It's not how she'll vote -- but WHY she'll vote
Gerard Baker essentially restates the case against Harriet Miers' nomination, but raises a crucial point. By emphasizing Ms. Miers' religion, Mr. Bush has trivialized and distorted, perhaps forever in the public mind, the conservative outlook on Constitutional matters and Supreme Court rulings. One wonders if he even understands it.
The Trouble with Harriet
The answer is not just her proximity to Bush for all these years, but her religion. In an attempt to put out the fire on the right lit by the
nomination, White House officials have been reassuring supporters that Miers is fine because she is an evangelical Christian, who can be relied upon to vote accordingly.

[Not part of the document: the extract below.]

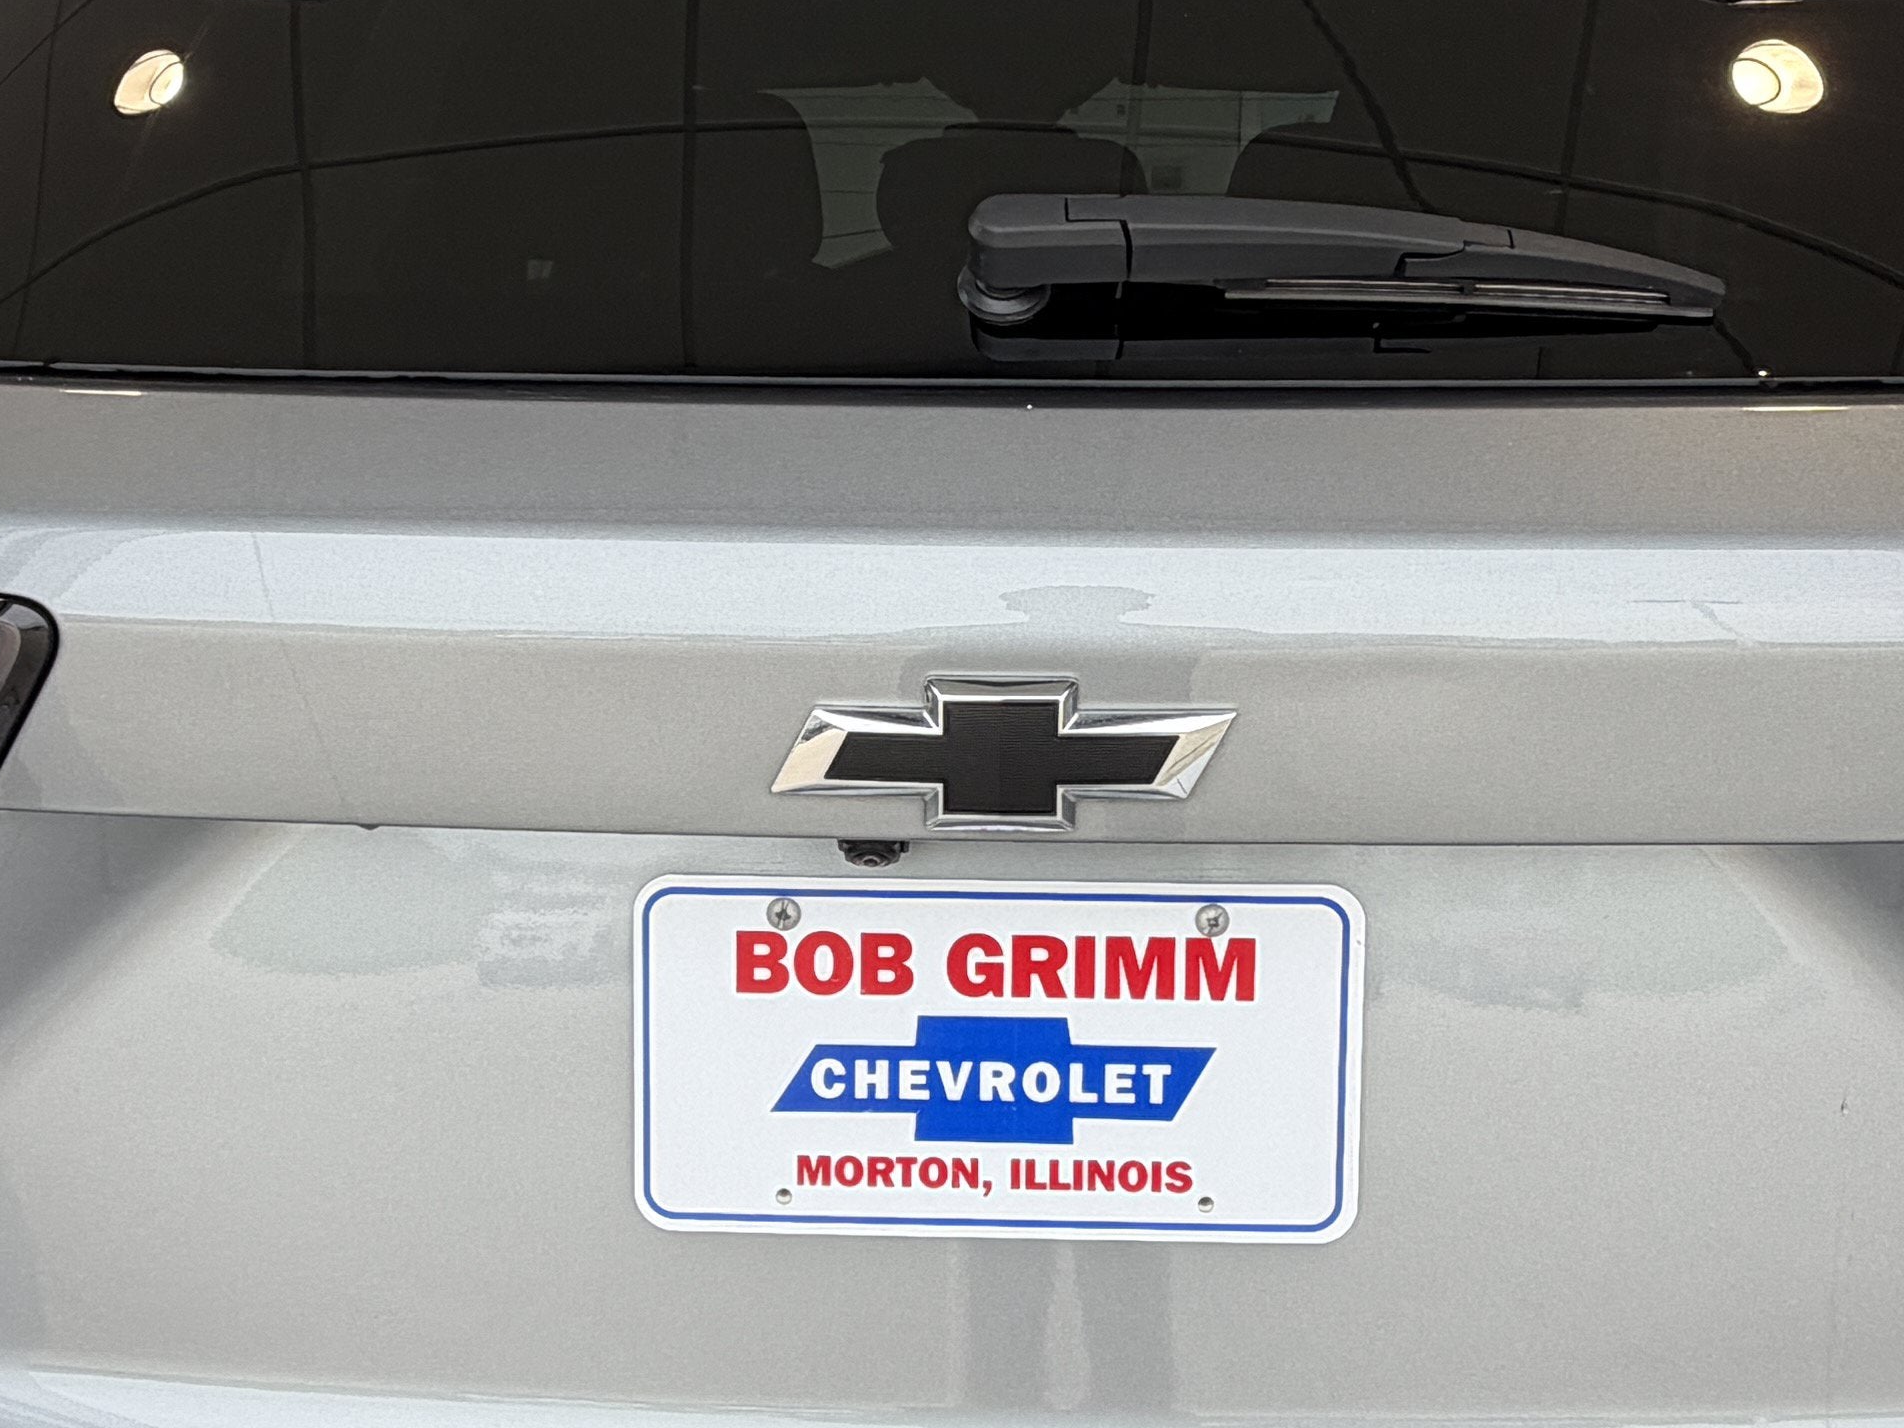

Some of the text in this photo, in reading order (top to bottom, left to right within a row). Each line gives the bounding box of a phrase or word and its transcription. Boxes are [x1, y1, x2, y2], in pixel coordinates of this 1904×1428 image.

[736, 931, 1257, 1002] BOB GRIMM
[810, 1058, 1173, 1105] CHEVROLET
[797, 1155, 1193, 1196] MORTON, ILLINOIS

This is about as troubling as it gets. It's not that there's anything wrong with evangelical Christianity. It is just that it should not, cannot, be the principal credential for appointment to the highest ranks of the American judiciary. It not only represents a breathtaking disregard for the principle that there should be no religious test--established in the Constitution--for public officials. It represents a profound lack of seriousness about conservative philosophy. The problem with Roe v. Wade, for example, is not that it is unchristian, but that it is a constitutional monstrosity. In appointing Miers, Bush is actually undermining conservative values by equating them with religious precepts. Whatever judgments she reaches on any issues, from abortion to the death penalty to the separation of Church and State, can be dismissed as simply a religious view, detached from jurisprudential thinking.